Prompt
Keep the pictures out, and restate the listing that follows exactly as written.

** Opening Source information block **

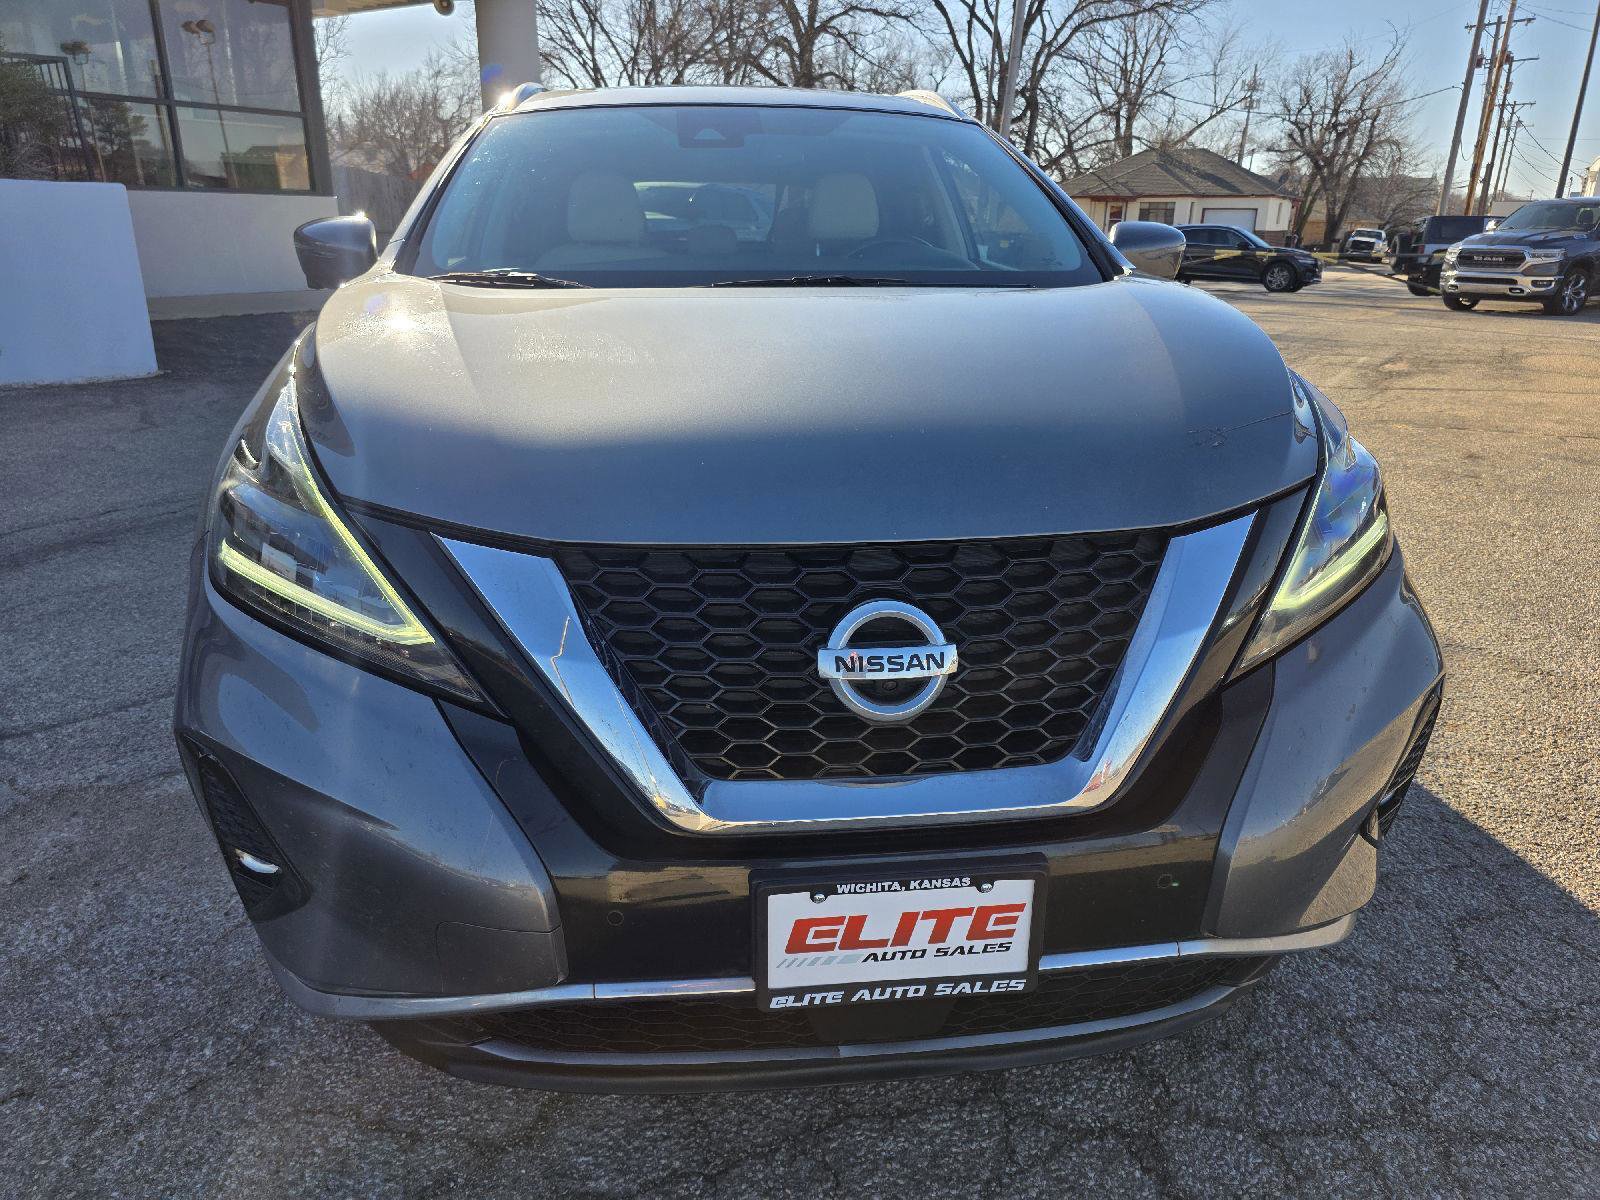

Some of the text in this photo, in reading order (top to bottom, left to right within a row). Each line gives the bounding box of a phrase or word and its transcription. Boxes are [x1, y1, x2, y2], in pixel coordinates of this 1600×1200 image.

[834, 651, 945, 673] NISSAN
[836, 876, 971, 894] WICHITA, KANSAS
[784, 903, 1027, 954] ELITE
[861, 941, 1013, 963] AUTO SALES
[769, 979, 1026, 1009] ELITE AUTO SALES

** Closing Source information block **

Output for this exercise
Some of the text in this photo, in reading order (top to bottom, left to right within a row). Each line gives the bounding box of a phrase or word and its transcription. Boxes are [x1, y1, x2, y2], in pixel coordinates of this 1600×1200 image.

[834, 651, 945, 673] NISSAN
[836, 876, 971, 894] WICHITA, KANSAS
[784, 903, 1027, 954] ELITE
[861, 941, 1013, 963] AUTO SALES
[769, 979, 1026, 1009] ELITE AUTO SALES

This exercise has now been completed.